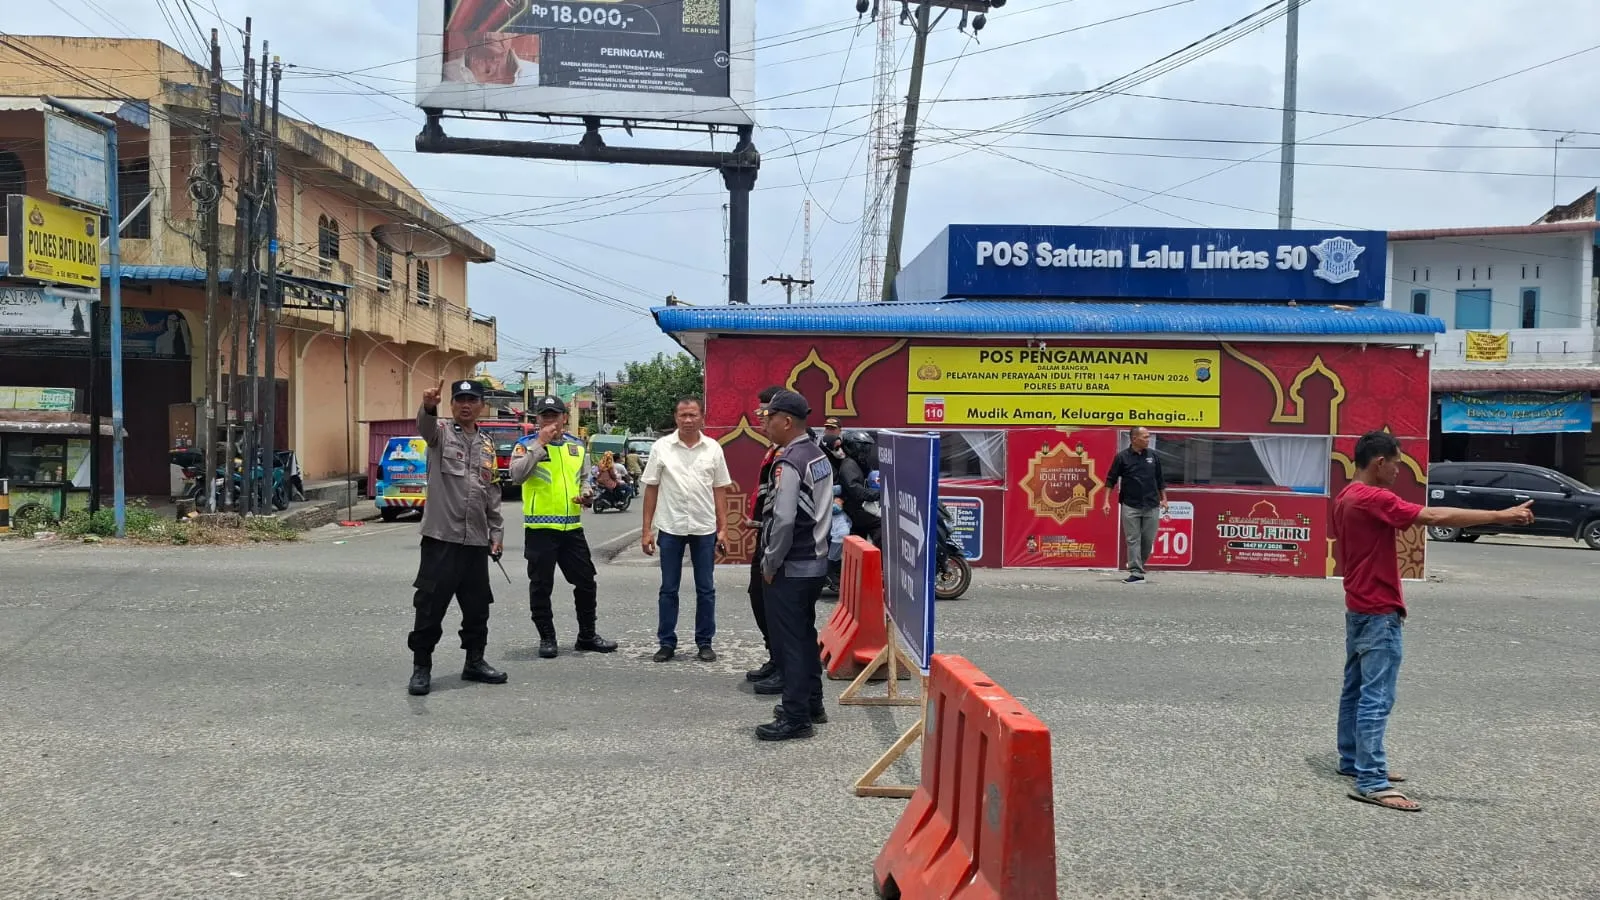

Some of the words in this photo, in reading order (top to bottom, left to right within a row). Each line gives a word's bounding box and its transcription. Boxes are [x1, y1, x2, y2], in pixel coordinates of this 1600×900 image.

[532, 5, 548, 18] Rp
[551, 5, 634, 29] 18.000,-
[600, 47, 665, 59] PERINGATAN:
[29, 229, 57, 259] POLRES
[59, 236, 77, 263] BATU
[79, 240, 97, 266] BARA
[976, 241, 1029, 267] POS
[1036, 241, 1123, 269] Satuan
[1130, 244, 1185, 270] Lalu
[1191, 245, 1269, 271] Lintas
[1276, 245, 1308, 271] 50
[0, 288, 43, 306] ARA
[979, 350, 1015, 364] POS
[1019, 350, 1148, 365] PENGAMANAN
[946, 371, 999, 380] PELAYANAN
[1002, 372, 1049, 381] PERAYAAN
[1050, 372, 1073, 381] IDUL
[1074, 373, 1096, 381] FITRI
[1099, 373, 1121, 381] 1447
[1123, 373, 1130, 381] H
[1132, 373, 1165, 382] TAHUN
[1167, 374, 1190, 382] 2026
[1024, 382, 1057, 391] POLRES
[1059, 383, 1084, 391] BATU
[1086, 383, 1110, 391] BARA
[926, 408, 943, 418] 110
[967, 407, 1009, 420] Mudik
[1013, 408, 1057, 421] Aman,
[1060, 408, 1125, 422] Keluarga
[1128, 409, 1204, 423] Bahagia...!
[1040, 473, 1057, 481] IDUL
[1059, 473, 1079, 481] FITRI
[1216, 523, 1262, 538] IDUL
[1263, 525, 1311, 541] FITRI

___

__Exercise brief__. Your reply should hold every line of the material, unaltered, and not one picture.

__Task response__.
Some of the words in this photo, in reading order (top to bottom, left to right within a row). Each line gives a word's bounding box and its transcription. Boxes are [x1, y1, x2, y2], in pixel coordinates of this 1600×900 image.

[532, 5, 548, 18] Rp
[551, 5, 634, 29] 18.000,-
[600, 47, 665, 59] PERINGATAN:
[29, 229, 57, 259] POLRES
[59, 236, 77, 263] BATU
[79, 240, 97, 266] BARA
[976, 241, 1029, 267] POS
[1036, 241, 1123, 269] Satuan
[1130, 244, 1185, 270] Lalu
[1191, 245, 1269, 271] Lintas
[1276, 245, 1308, 271] 50
[0, 288, 43, 306] ARA
[979, 350, 1015, 364] POS
[1019, 350, 1148, 365] PENGAMANAN
[946, 371, 999, 380] PELAYANAN
[1002, 372, 1049, 381] PERAYAAN
[1050, 372, 1073, 381] IDUL
[1074, 373, 1096, 381] FITRI
[1099, 373, 1121, 381] 1447
[1123, 373, 1130, 381] H
[1132, 373, 1165, 382] TAHUN
[1167, 374, 1190, 382] 2026
[1024, 382, 1057, 391] POLRES
[1059, 383, 1084, 391] BATU
[1086, 383, 1110, 391] BARA
[926, 408, 943, 418] 110
[967, 407, 1009, 420] Mudik
[1013, 408, 1057, 421] Aman,
[1060, 408, 1125, 422] Keluarga
[1128, 409, 1204, 423] Bahagia...!
[1040, 473, 1057, 481] IDUL
[1059, 473, 1079, 481] FITRI
[1216, 523, 1262, 538] IDUL
[1263, 525, 1311, 541] FITRI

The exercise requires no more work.